Des recherches récentes sur le COVID-19 se sont concentrées sur l’impact de la maladie sur la probabilité qu’une personne développe d’autres conditions, telles que la maladie de Parkinson, cardiopathieet Diabète.

Maintenant, des chercheurs de l’Université de Milan, en Italie, ont trouvé un lien entre le dysfonctionnement thyroïdien et le COVID-19. Et un an après l’infection, les scientifiques ont découvert que les personnes atteintes de COVID-19 modéré à sévère présentaient toujours des signes de dysfonctionnement thyroïdien.

L’étude a été récemment présentée au 24 Congrès Européen d’Endocrinologie à Milan, Italie.

La thyroïde est une glande située à l’avant du cou. Il produit des hormones spécifiques qui aident à réguler diverses fonctions corporelles, notamment le métabolisme, la température corporelle, la fréquence cardiaque et la digestion.

Le dysfonctionnement thyroïdien survient lorsque quelque chose affecte la thyroïde, provoquant une diminution ou une augmentation de la production d’hormones. Il existe quatre principaux types de maladies thyroïdiennes :

  • Hyperthyroïdie se produit lorsque la thyroïde produit trop d’hormones thyroïdiennes
  • Hypothyroïdie survient lorsque la thyroïde ne produit pas assez d’hormones
  • Thyroïdite survient lorsque la thyroïde devient enflammée, ce qui entraîne une baisse de la production d’hormones
  • Thyroïdite de Hashimoto est une maladie auto-immune où les cellules du corps attaquent et endommagent la thyroïde, provoquant une baisse de la production d’hormones

Le diagnostic de dysfonctionnement thyroïdien se fait par une combinaison d’un examen physique, d’un test sanguin et d’une imagerie par un scanner thyroïdien ou ultrason. Le traitement varie selon le type de maladie thyroïdienne d’une personne et peut inclure des médicaments, des bêta-bloquants, iode radioactifet la chirurgie.

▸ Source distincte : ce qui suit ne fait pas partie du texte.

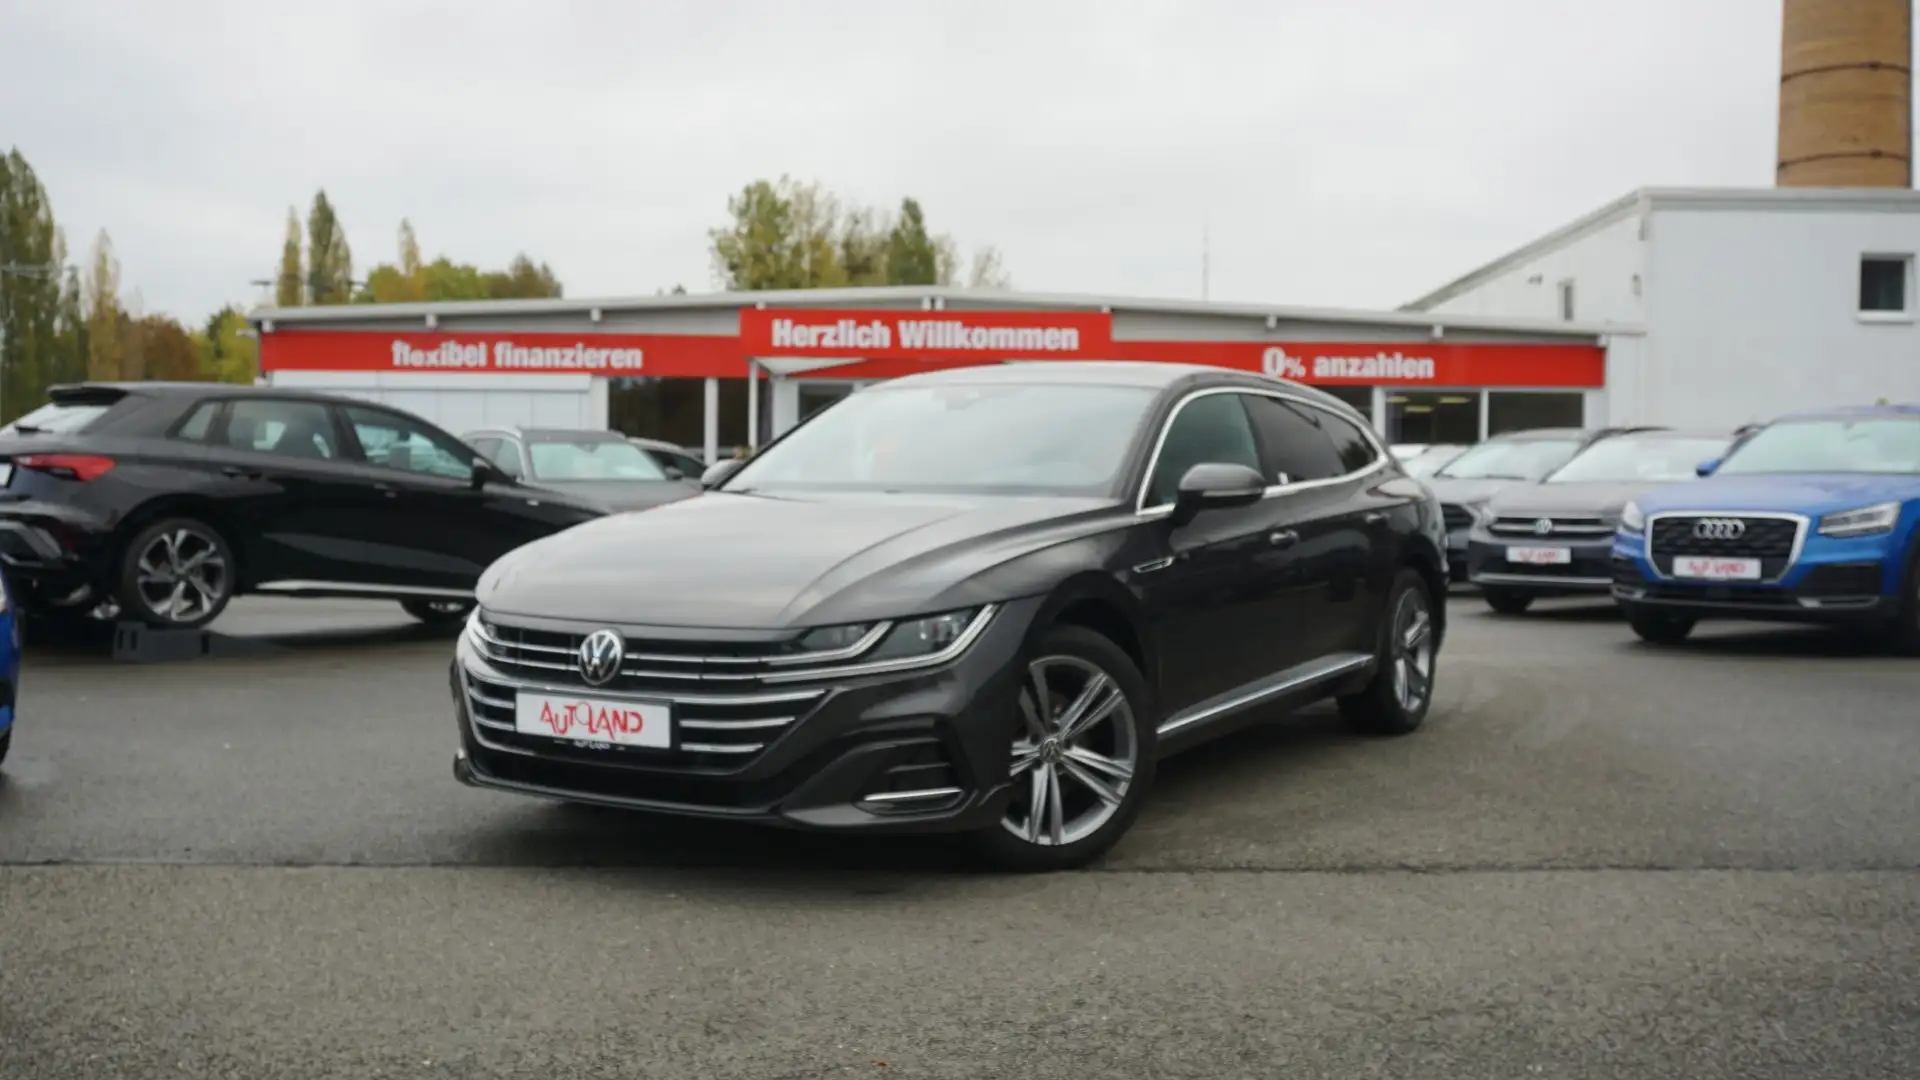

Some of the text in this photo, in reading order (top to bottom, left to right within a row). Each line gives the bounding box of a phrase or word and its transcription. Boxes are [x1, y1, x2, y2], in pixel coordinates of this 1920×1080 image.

[771, 319, 1079, 350] Herzlich Willkommen
[391, 340, 643, 369] flexibel finanzieren
[1263, 347, 1435, 379] 0% anzahlen
[540, 700, 643, 741] AUTOLAND

Selon l’auteur principal de l’étude Dr Ilaria Müllerprofesseur adjoint en endocrinologie, Département des sciences cliniques et de la santé communautaire à l’Université de Milan, en Italie, l’objectif de l’étude était double.

L’un était de prouver que le COVID-19 affectait la fonction thyroïdienne et déclenchait une inflammation de la thyroïde, provoquant une thyroïdite.

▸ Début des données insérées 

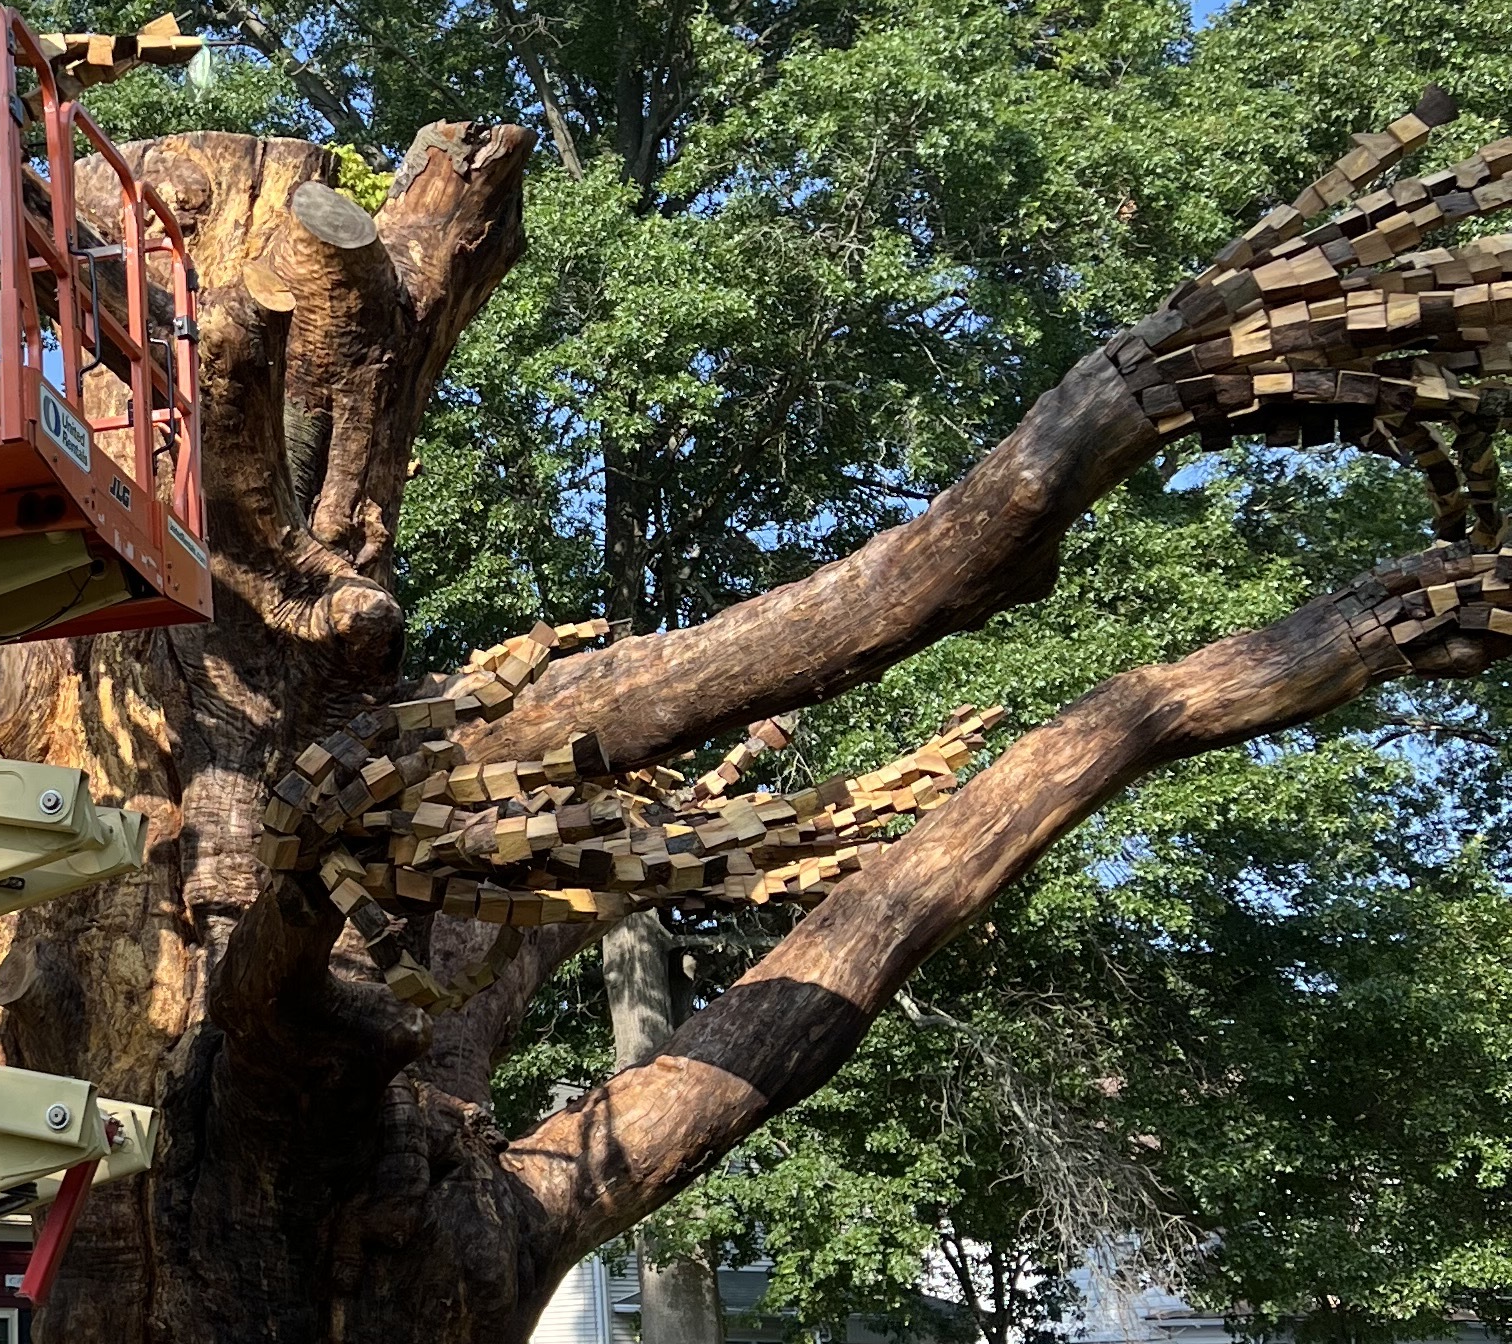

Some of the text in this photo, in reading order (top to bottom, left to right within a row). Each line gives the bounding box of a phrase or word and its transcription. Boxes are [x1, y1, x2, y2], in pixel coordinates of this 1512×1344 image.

[61, 412, 86, 447] United
[62, 429, 88, 466] Rentals
[109, 475, 130, 508] JLG
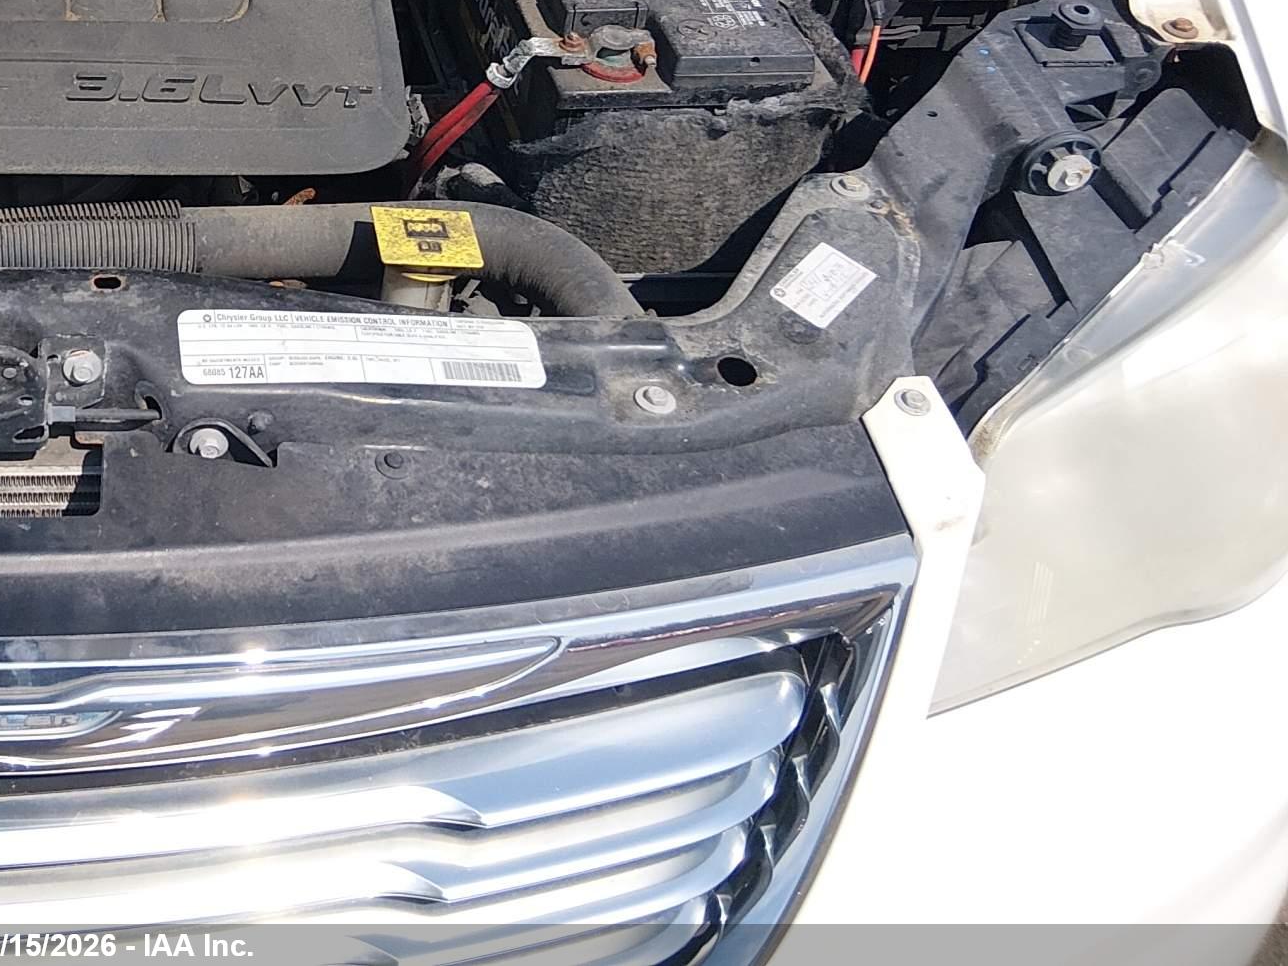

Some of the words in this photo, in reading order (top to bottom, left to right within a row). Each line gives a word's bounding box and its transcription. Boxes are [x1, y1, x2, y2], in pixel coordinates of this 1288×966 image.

[216, 313, 248, 324] Chrysler
[249, 313, 272, 324] Group
[274, 314, 289, 323] LLC
[294, 314, 325, 324] VEHICLE
[326, 314, 362, 325] EMISSION
[363, 316, 396, 326] CONTROL
[398, 317, 449, 328] INFORMATION
[228, 365, 265, 380] 127AA

Le Dr Muller a expliqué que le COVID-19 modifie la fonction thyroïdienne à différents niveaux, notamment « le syndrome de maladie non thyroïdienne – une combinaison complexe de mécanismes adaptatifs et inadaptés induisant des altérations transitoires des tests de la fonction thyroïdienne chez les personnes gravement malades – tempête de cytokinesdes altérations de l’axe hypothalamo-hypophyso-thyroïdien, et en déclenchant une inflammation de la glande thyroïde – thyroïdite.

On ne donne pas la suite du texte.